Though there are many differences between us in timing, detail, and journey, I think it's relevant to my reading of this book that the author and I are both products of (quite different) spaces that were left and anti-authoritarian, and that began before but were given generational coherence by the global justice movement moment -- that exciting window between the Seattle WTO protests and 9/11. I've never met the author but I first encountered his work in that period, and occasionally since, and I've found that it has always been wrestling with questions that have been on my mind as well, and usually in ways that I have found useful. It came as no surprise to me, then, that this book tackles questions that I also think are tremendously important -- especially around how to make anti-authoritarian, anti-capitalist, anti-oppressive change, particularly when you are starting from a place of privilege -- and that it does so drawing on resources that feel useful (and often familiar) and employing approaches that feel promising.
(In the interest of full disclosure, I should add that the "Introduction" to this book was written by someone who is a good friend of both Crass and myself, and that the person who wrote the "Foreword" and has been a mentor for Crass is someone I have met only once but who was generous enough to provide supportive words that appeared on the covers of my own books.)
There is a lot of book packed into the pages of Towards Collective Liberation. The first section consists of a short overview of aspects of anarchist politics and their significance for Crass and for US American social movements, and also a detailed critical retrospective of Food Not Bombs organizing in San Francisco in the 1980s and 1990s. This latter -- about the organization that was the author's political home in the '90s -- is a fascinating combination of movement history and critical strategic reflection, and it is an example I think many movements would benefit from emulating. The second section is three pieces around the development of the author's anti-oppression praxis, done with a willingness to be open that is rare among us middle-class white guys about the inevitably bumpy ride. The third section takes lessons from the African American civil rights movement and tackles general questions of leadership and strategy, and applies them to movement building more generally.
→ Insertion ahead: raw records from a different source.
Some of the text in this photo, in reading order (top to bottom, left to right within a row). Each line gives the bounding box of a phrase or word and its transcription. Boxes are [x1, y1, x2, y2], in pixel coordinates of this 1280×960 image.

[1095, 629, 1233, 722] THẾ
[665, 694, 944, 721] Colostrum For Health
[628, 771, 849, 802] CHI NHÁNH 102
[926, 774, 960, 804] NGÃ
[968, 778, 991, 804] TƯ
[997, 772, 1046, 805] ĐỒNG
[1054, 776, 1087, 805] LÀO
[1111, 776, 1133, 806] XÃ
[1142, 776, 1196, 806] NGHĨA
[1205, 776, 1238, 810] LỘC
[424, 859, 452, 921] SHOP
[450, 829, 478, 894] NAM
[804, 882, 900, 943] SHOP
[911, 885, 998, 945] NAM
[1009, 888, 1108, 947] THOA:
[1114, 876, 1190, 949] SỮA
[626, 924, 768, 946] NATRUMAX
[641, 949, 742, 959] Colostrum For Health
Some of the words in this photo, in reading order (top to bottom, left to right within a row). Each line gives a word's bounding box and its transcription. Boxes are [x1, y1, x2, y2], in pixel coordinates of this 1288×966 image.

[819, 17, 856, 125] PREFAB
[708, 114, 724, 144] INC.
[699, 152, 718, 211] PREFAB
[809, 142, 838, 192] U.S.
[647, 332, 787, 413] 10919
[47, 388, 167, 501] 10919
Then there is a section with pieces, mostly interviews, from inspiring organizing projects around the US, and finally a conclusion.
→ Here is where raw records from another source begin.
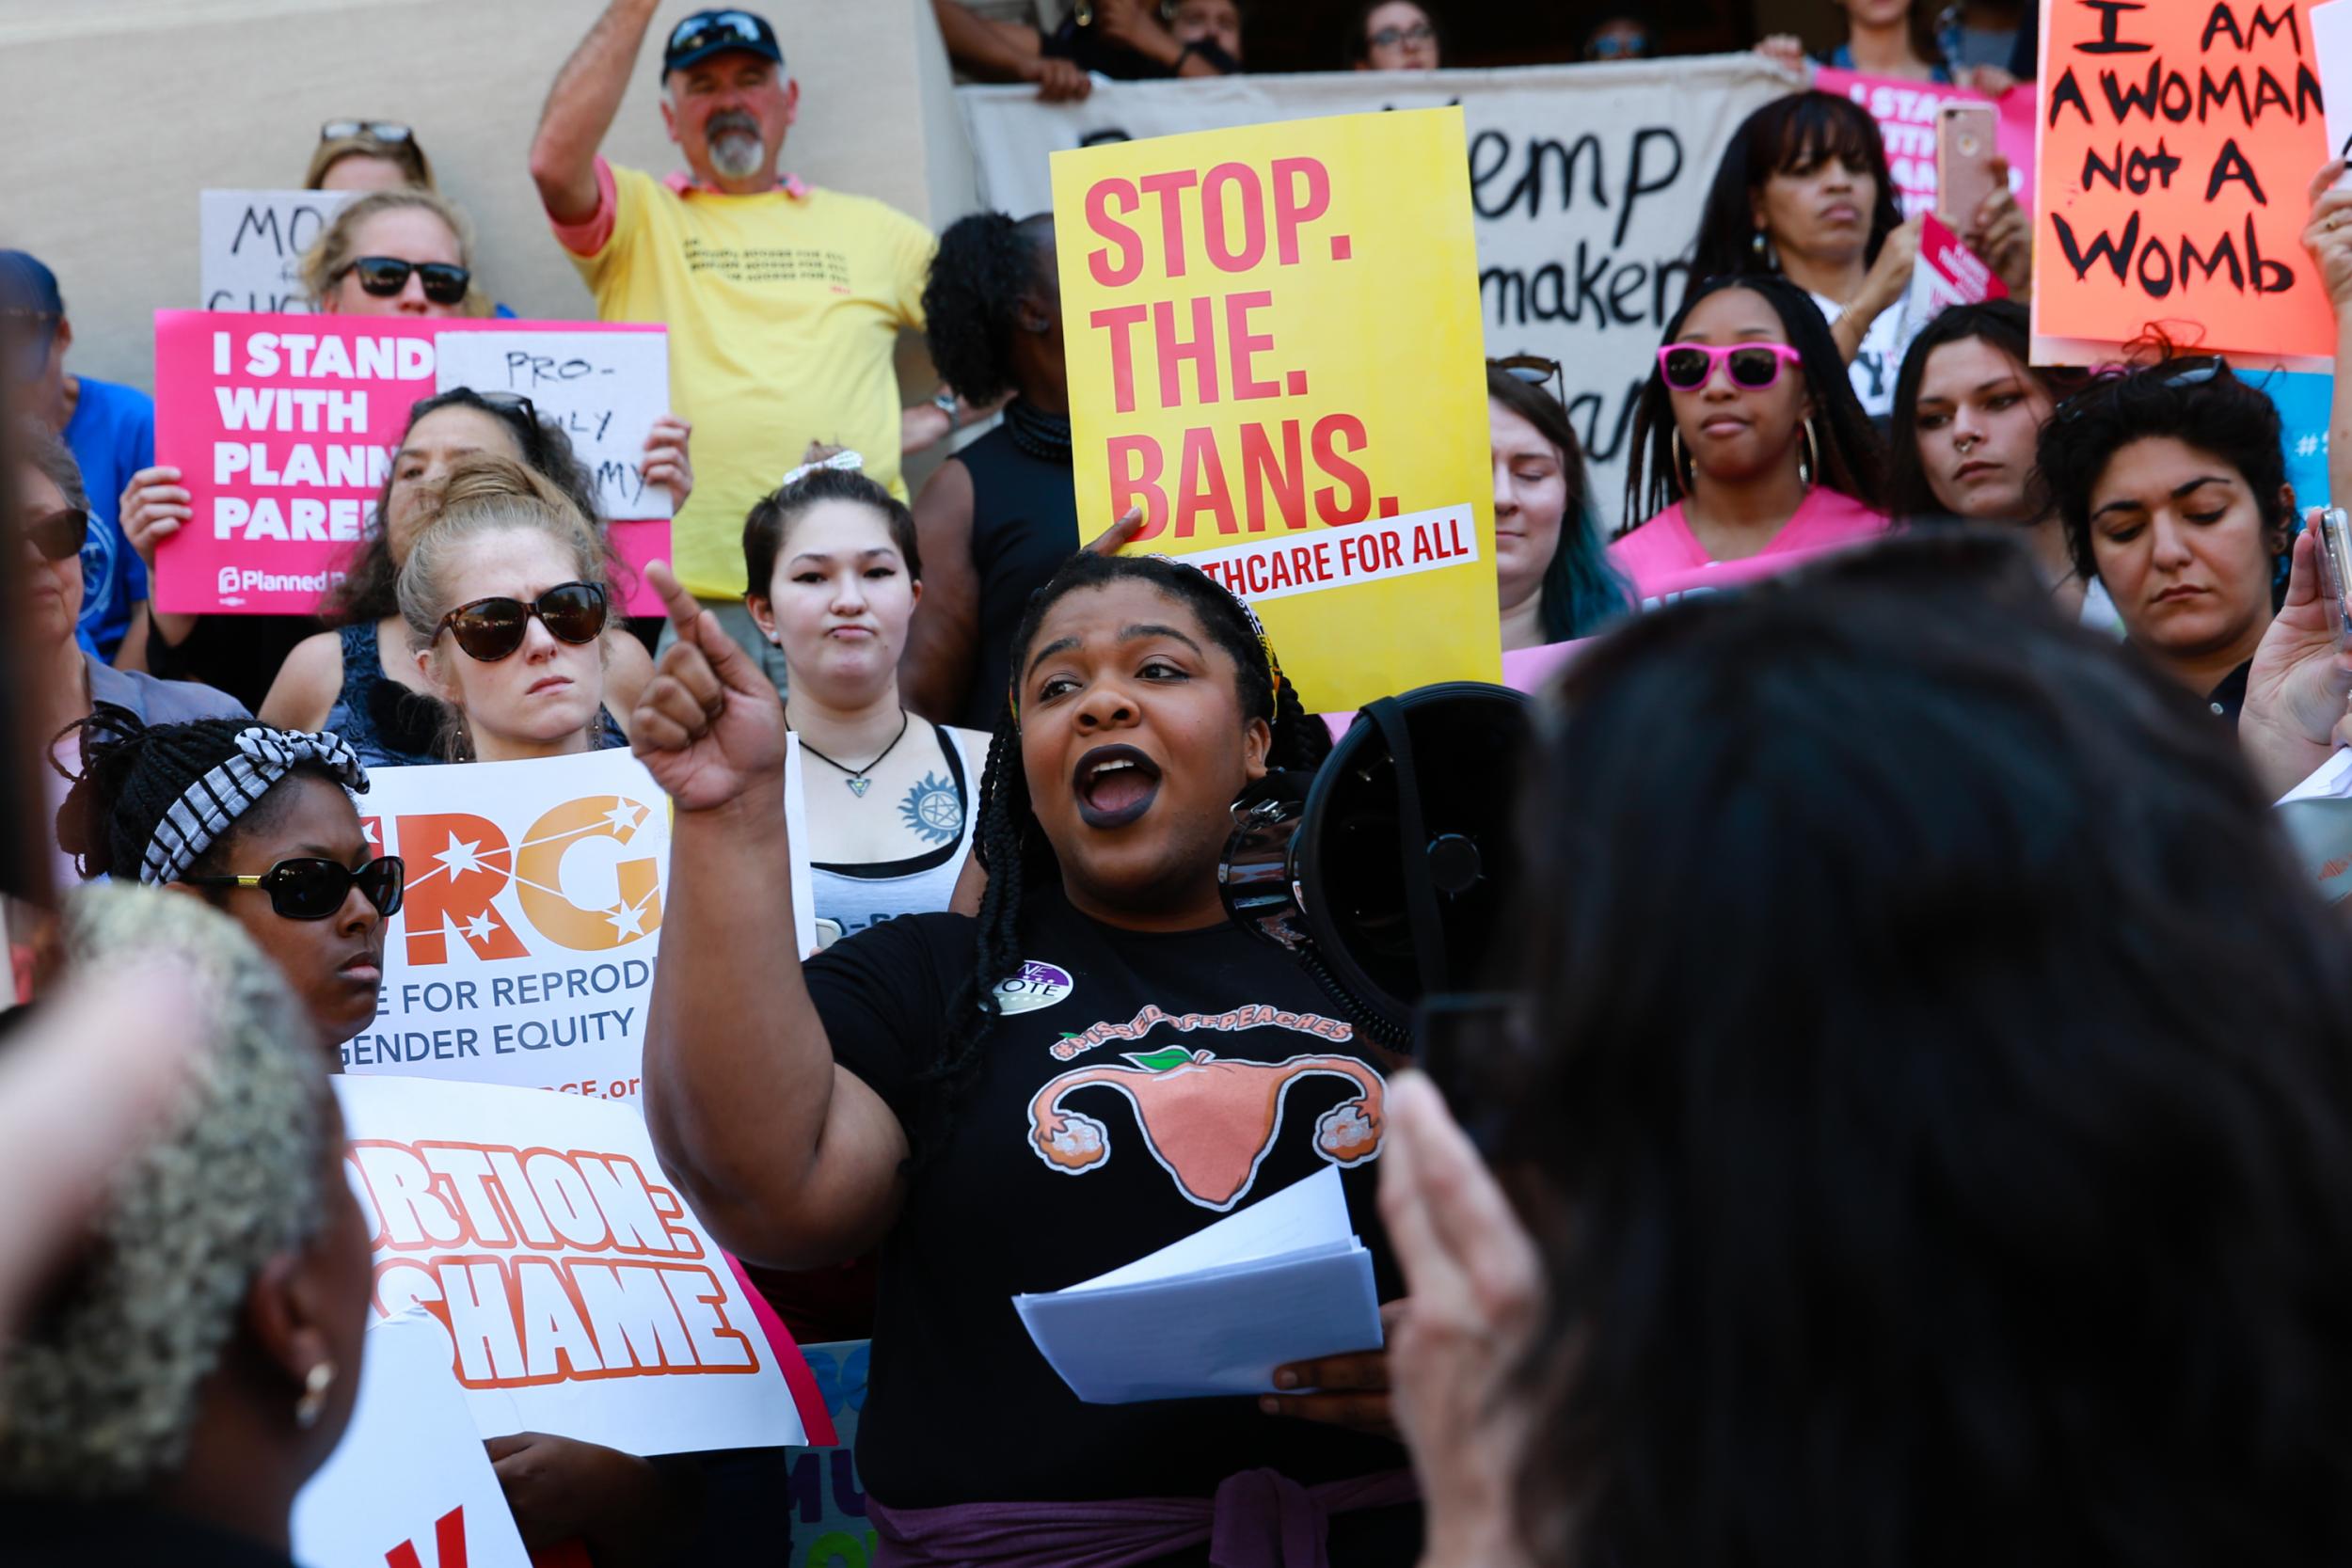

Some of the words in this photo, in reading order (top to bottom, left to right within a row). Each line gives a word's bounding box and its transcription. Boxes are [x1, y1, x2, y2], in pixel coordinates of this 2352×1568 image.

[2071, 0, 2154, 54] I
[2201, 2, 2301, 56] AM
[2049, 64, 2093, 129] A
[2099, 55, 2325, 128] WOMAN
[1469, 129, 1683, 248] emp
[2204, 138, 2267, 207] A
[1085, 156, 1352, 287] STOP.
[214, 331, 231, 375] I
[245, 331, 436, 380] STAND
[506, 351, 615, 388] PRO-
[1089, 290, 1309, 414] THE.
[214, 387, 368, 433] WITH
[1106, 413, 1399, 543] BANS.
[1340, 531, 1403, 578] FOR
[1412, 518, 1470, 563] ALL
[242, 570, 327, 593] Planned
[360, 795, 663, 967] RG
[403, 981, 479, 1014] FOR
[492, 957, 660, 1007] REPROD
[1002, 979, 1061, 997] OTE
[493, 1006, 636, 1054] EQUITY
[343, 1139, 706, 1260] RTION:
There's lots to like here, I think. The commitment to making practical and real the often abstract-feeling analysis of the interlocking axes of power permeating the social relations that organize our lives is crucial. The lesson of the author's approach to assessing and navigating the workings of those axes of power in his everyday life and immediate political environment seems very useful to others of us struggling with the same questions. The demonstration of a thoughtful approach to combining that immediate-scale attention with broader, transformative politics is important too. And despite the author's origins in what I tend to think of as "big-A Anarchist" organizing -- something I've always shied away from, despite my own somewhat more loosely held identification with anarchism -- I definitely appreciate the book's commitment to extracting what's useful from that tradition and applying it to broader questions of organizing. I also appreciate its willingness to challenge things that amount to orthodoxies in certain anti-authoritarian circles, such as in the book's insistence on the importance of strategic thinking and of deliberately cultivating a particular kind of leadership, or its skepticism but not dogmatism about hierarchy. It's not in any sense a source of final answers in any of these areas, but in all of these ways and more, there is lots of fodder for reflection, experimentation, and inspiration that is very relevant not only to people operating in explicitly anti-capitalist and anti-authoritarian spaces, and also to anyone active in broader movements.
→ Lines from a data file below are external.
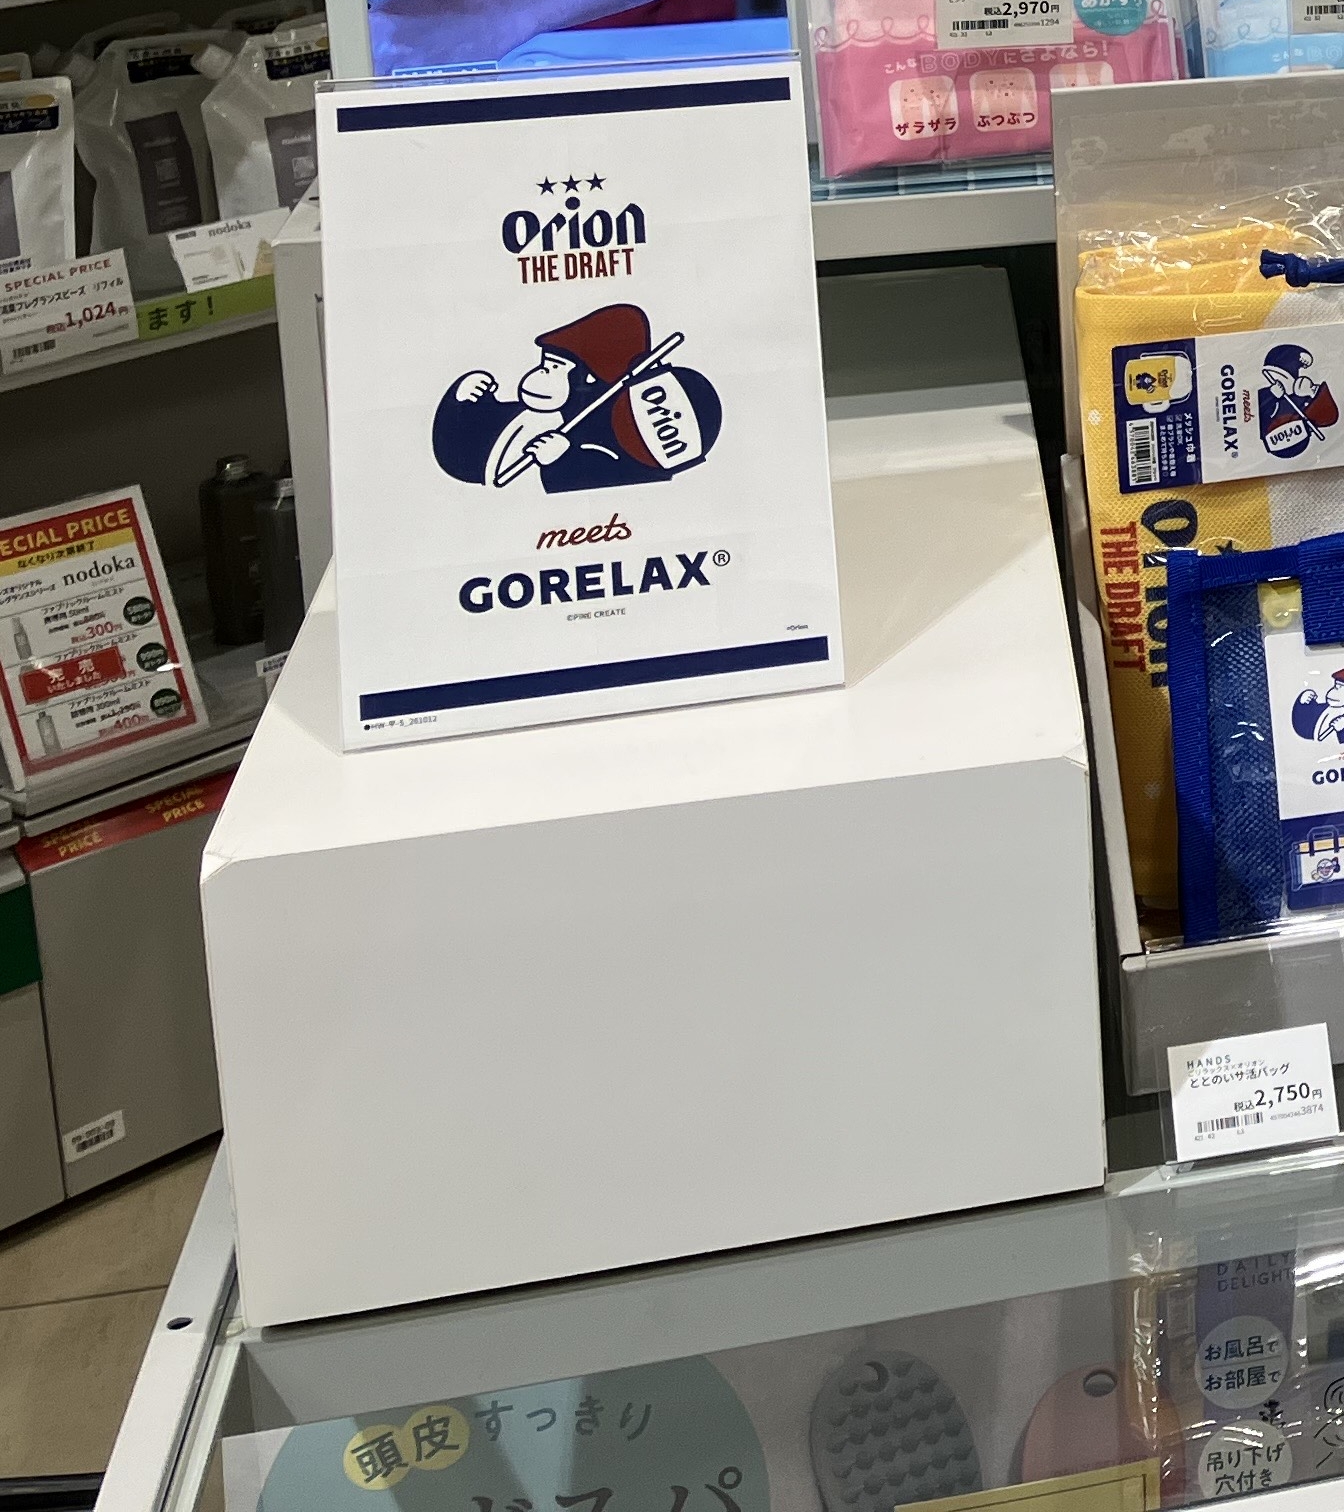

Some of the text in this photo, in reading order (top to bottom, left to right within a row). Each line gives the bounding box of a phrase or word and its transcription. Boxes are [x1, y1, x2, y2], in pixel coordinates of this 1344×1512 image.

[895, 110, 1037, 138] ザラザラ ぶつぶつ
[208, 219, 252, 238] nodoka
[501, 195, 647, 254] Orion
[5, 257, 113, 292] SPECIAL PRICE
[517, 248, 636, 284] THE DRAFT
[640, 383, 687, 458] Orion
[1241, 388, 1252, 423] meets
[66, 506, 132, 540] PRICE
[536, 512, 633, 552] meets
[62, 554, 136, 587] nodoka
[1100, 520, 1146, 673] THE DRAFT
[1186, 1054, 1232, 1070] HANDS
[1190, 1061, 1291, 1089] ととのいサ活バッグ
[1233, 1082, 1323, 1113] 税込2,750円
[1215, 1252, 1292, 1275] DAILY
[1203, 1335, 1281, 1362] お風呂で
[1203, 1364, 1283, 1393] お部屋で
[1205, 1443, 1287, 1473] 吊り下げ
[1214, 1467, 1277, 1493] 穴付き
I wonder a bit about choices made in the book about how to portray the messiness and contradictions that are, thanks to the social relations of domination that shape and surround us, inevitably within both us as individuals and in the movements we create. I don't mean this with respect to the obvious tightrope -- the dangers of teetering in one direction and so emphasizing the difficulty and pain of how power messes up our selves and our movements that it seems to readers to be ontological and inescapable rather than social and historical and subject to change, or of losing balance in the other direction and being so quick to claim answers and the cred of having transcended the mess that the depth and entrenched character of the problems gets glossed over. In that respect, it does a great job. It names messiness, it analyzes it, it talks about how to deal with it. It encourages organizers to be in and with the complexity and the contradictions that shape us and our movements.
No, my wondering is more about another axis. I have become increasingly convinced that the best way for texts to be of pedagogical value around these questions is not only to explicitly address the politics in question in propositional ways but also to work to get inside the bodies of the readers. It is related, I suppose, to the old writerly distinction between telling and showing, and more specifically to what I call "tell complexity" and "show complexity" in my review of Eli Clare's Exile and Pride, but also encompassing the intense visceral experience that is so central to this movement messiness and the challenges of navigating it. It's not easy to do writing like that, and goodness knows I don't claim to be able to do it. But I think the way that showing more of that level of complexity, mess, and experience and telling less would tap into readers at a more embodied level could only increase the pedagogical value of books of this sort.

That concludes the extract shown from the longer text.